一人で弱くても、二人では強くなりましょう。
だいわ文庫 大島みち子・河野実『愛と死をみつめて』
164ページ


人は死の恐怖と向き合う人にどれだけ寄り添えるのだろう
か。どれだけ心の支えになれるだろうか。
人は愛する人とどこまで痛みや恐れや悲しみを共有できる
のだろうか。

私はあのとき、まこに手紙を出すことで自分の生命をつな
ごうとしていたのよ。わかりますか?(102ページ)


東京と大阪に別々に住んでいて、手紙だけが二人の心を
結ぶ唯一の方法かと思うと泣けてくる。TELもダメ、会い
に行ってもダメとなれば、まこはどうすればいいんだ。
(112ページ)


死をロマンチックに空想した時期はすぎました。この手紙
を最後に、悲しませるような「死」は使いますまい。また
使う必要もないと思います。(128ページ)


多くの人が言うように、生きることと死ぬことが同義ならば、
二人の心は共有されたのだろうか。私はわからない。

この本は読者に寄り添ってはくれない。完全に完結された愛
の世界だと思う。他者の進入を頑なに拒む何かがある。
でも、そのことで反対に読者は救われている。

「純愛」という言葉は、このノンフィクションの前では、
もはや言葉として意味がないように思える。

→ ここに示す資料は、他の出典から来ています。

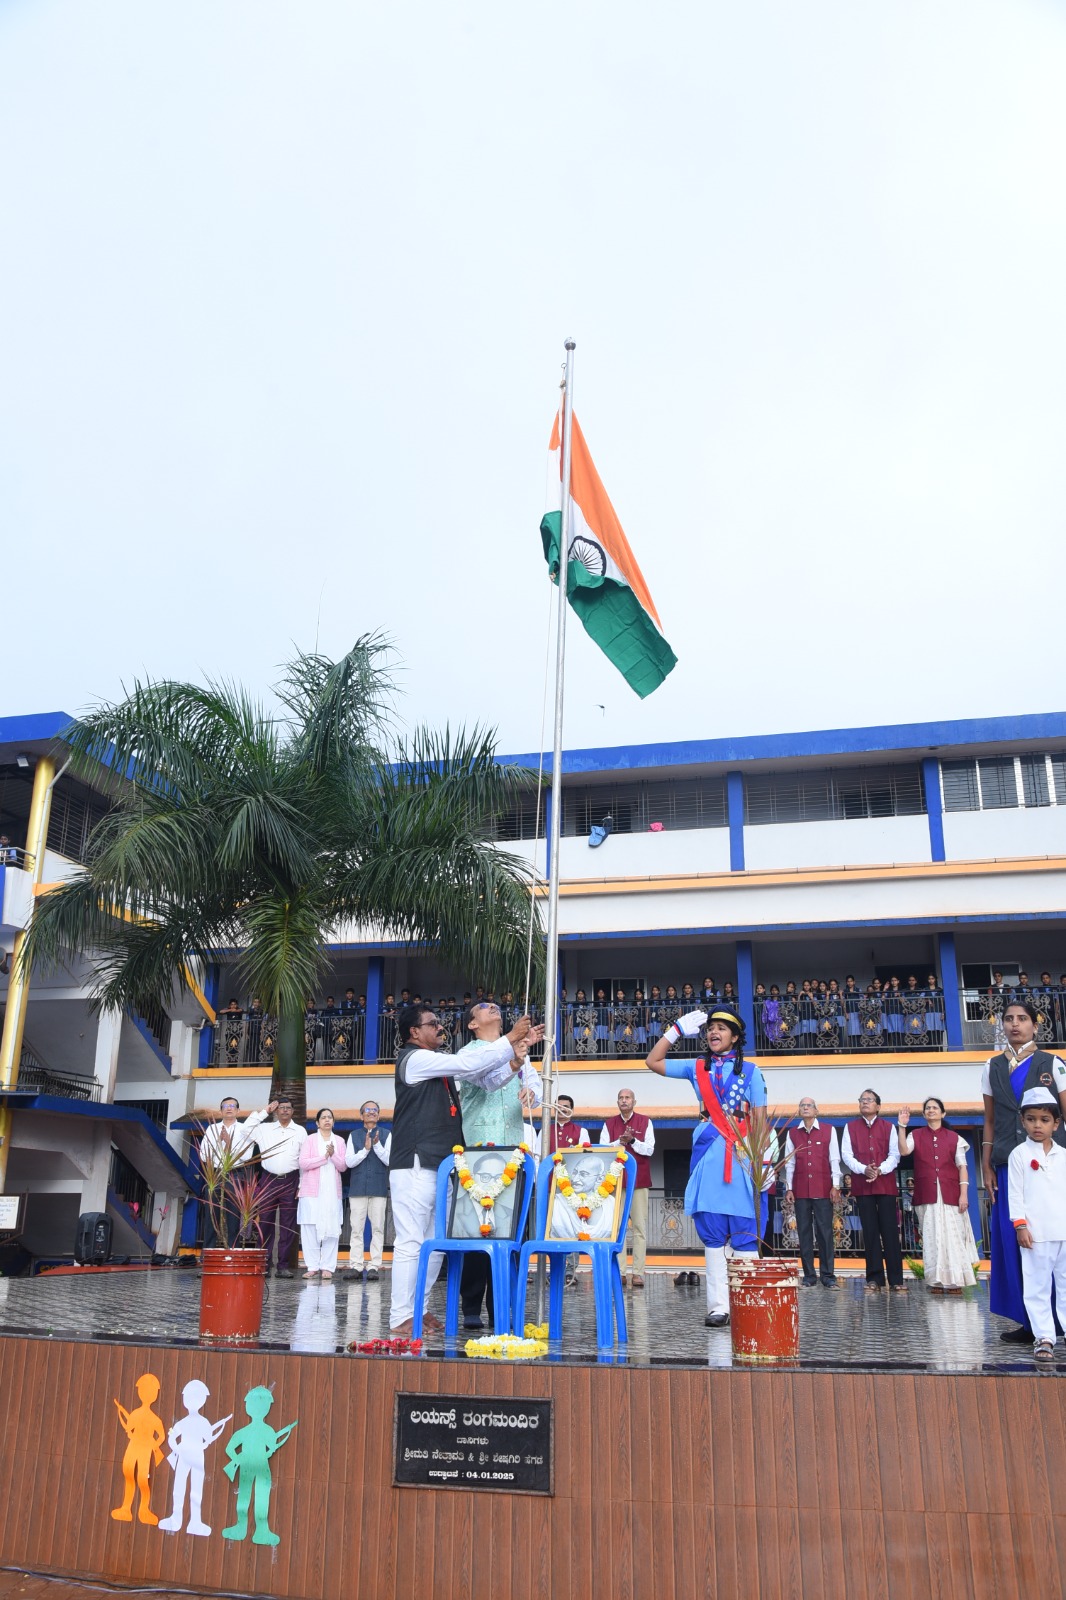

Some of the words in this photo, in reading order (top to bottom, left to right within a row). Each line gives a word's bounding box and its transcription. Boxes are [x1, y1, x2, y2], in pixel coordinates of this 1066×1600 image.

[463, 1410, 540, 1429] ರಂಗಮಂದಿರ
[456, 1436, 489, 1445] ದಾನಿಗಳು
[404, 1447, 429, 1461] ಶ್ರೀಮತಿ
[468, 1452, 475, 1462] &
[478, 1451, 489, 1465] ಶ್ರೀ
[466, 1471, 515, 1480] 04.01.2025
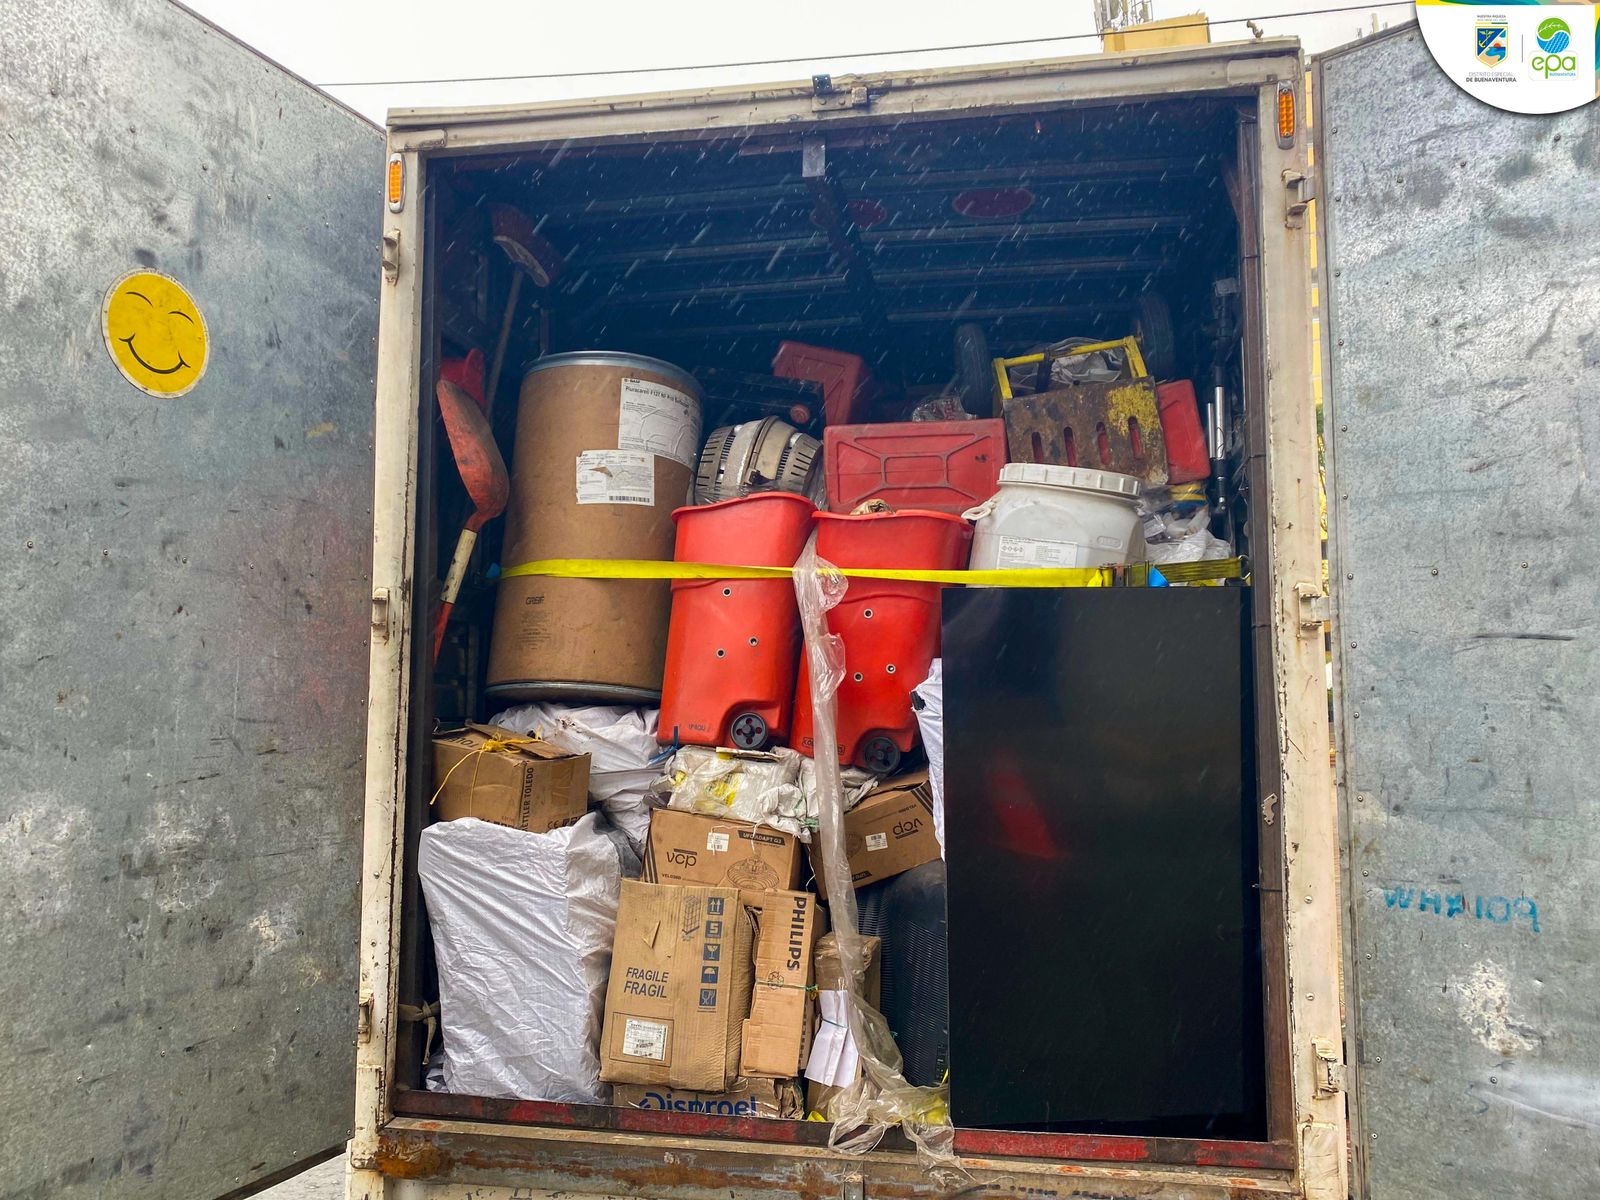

この本は、のち
の不治の病による「純愛もの」を生んだ。しかしそんなこと
はどうでもよい。私はこの本を前にただ呆然とするのみである。

私は思う。死から逃れることできないのなら、せめて死から
逃げることは許されないのか。人は自分の死と「正しく」
向き合わなければいけないのだろうか。

私は二人のように強い人間になりたいと願う。